How could she forgive him for snuffing out Lilly's light?
How could she blame her only surviving child?
Months later, the real murderer was discovered, and it was a relief and a gut punch rolled into one. Knowing Duncan was innocent, knowing the one man on Earth that she fully trusted hadn't broken that trust in the worst way, took a good chunk of weight off her shoulders. At the same time, knowing who it was, knowing how it went down, knowing Celeste had cried with him and he'd comforted her and told her he'd feel the same way if Trina or Logan died…
She could never move on from that.
-x-
The first time Aaron's mugshot flashed up on TV, Celeste's stomach rolled and her mind shot back to that exchange. Perhaps, blinded by his movie star fame and careless good looks, Lilly had thought he was the elusive prince. Or perhaps she'd known better but threw herself at him anyway, figuring that if kissing frogs was all there was, she should make the most of it. Expecting warts and flaws might have desensitised her to just how damaging some flaws could be.

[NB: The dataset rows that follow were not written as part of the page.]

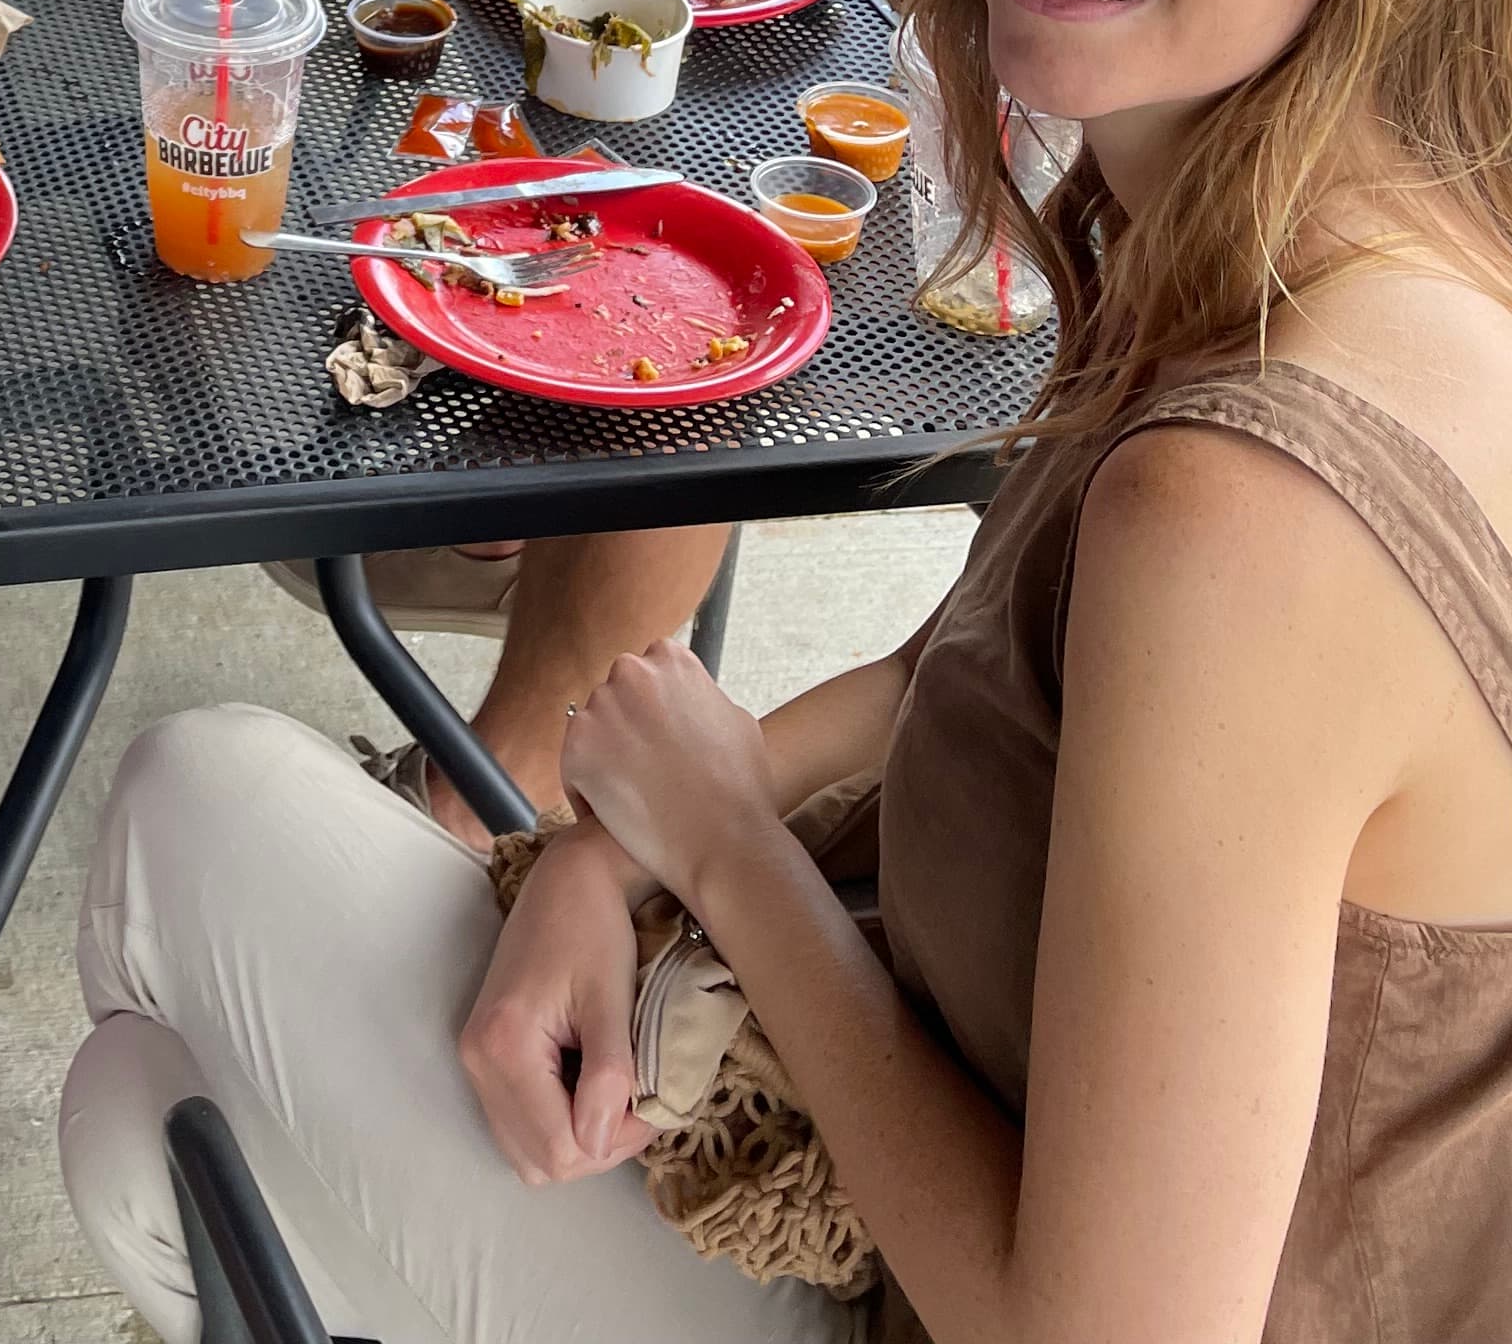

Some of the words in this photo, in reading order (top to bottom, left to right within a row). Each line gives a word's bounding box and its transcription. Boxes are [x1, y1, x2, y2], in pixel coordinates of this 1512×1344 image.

[158, 135, 273, 178] BARBEQUE
[182, 116, 248, 162] City
[182, 181, 246, 201] #citybbq
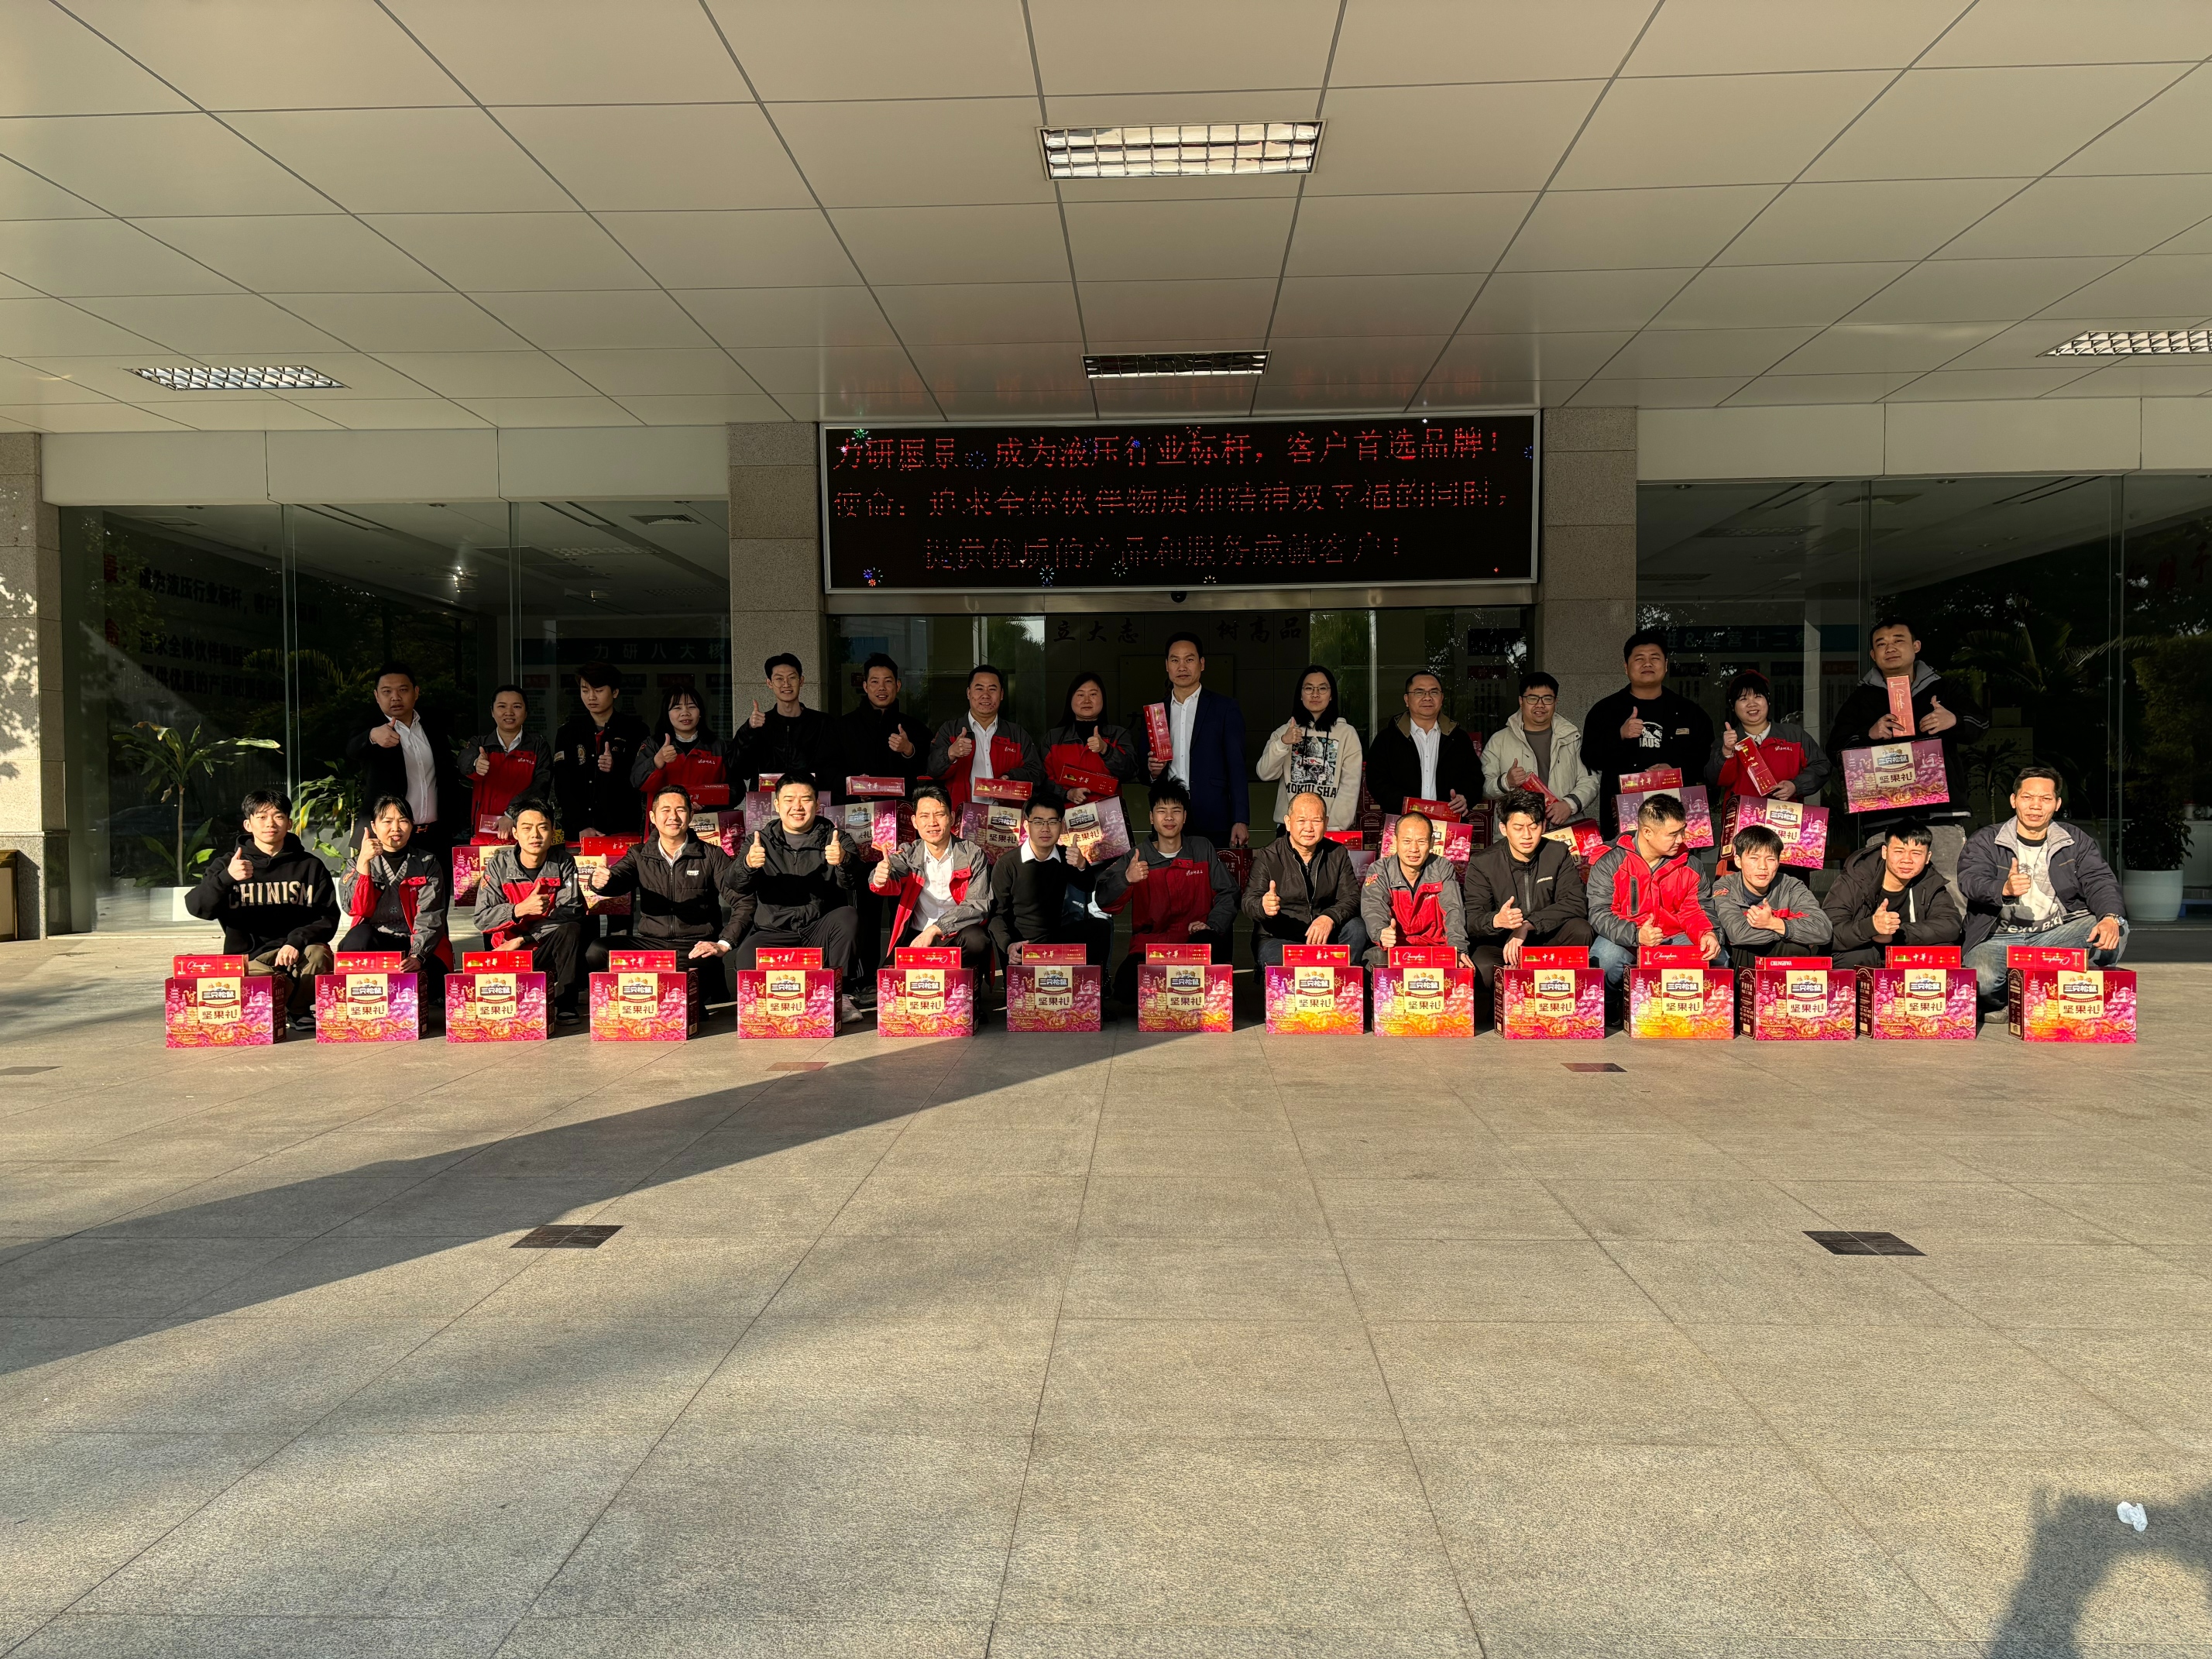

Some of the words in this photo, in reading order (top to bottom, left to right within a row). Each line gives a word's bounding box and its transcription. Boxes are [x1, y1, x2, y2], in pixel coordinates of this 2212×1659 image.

[1053, 620, 1138, 644] 立大志
[228, 881, 313, 909] CHINISM
[910, 1001, 939, 1010] 坚果礼
[1039, 998, 1068, 1006] 坚果礼
[1170, 998, 1199, 1006] 坚果礼
[1300, 999, 1329, 1008] 坚果礼
[1409, 1001, 1438, 1010] 坚果礼
[351, 1006, 382, 1015] 坚果礼
[480, 1006, 510, 1015] 坚果礼
[622, 1006, 651, 1015] 坚果礼
[771, 1003, 801, 1012] 坚果礼
[1539, 1003, 1569, 1012] 坚果礼
[1666, 1003, 1697, 1012] 坚果礼
[1791, 1004, 1822, 1013] 坚果礼
[1909, 1002, 1939, 1012] 坚果礼
[2063, 1005, 2097, 1015] 坚果礼
[202, 1009, 235, 1020] 坚果礼

Either way, it was Celeste's fault. If she hadn't been so pessimistic, if she had told Lilly that boys weren't so bad instead of teaching her to accept bad behaviour, maybe she wouldn't have fallen prey to an older man. Maybe she wouldn't have been so confident in her own charm and power that she underestimated him — and died for it.
Blinking back tears, Celeste grabbed the TV remote and frantically turned it off. For the first time in a long time, she let herself cry openly.
One day, Aaron would pay for his role in Lilly's death.
She was already paying for hers.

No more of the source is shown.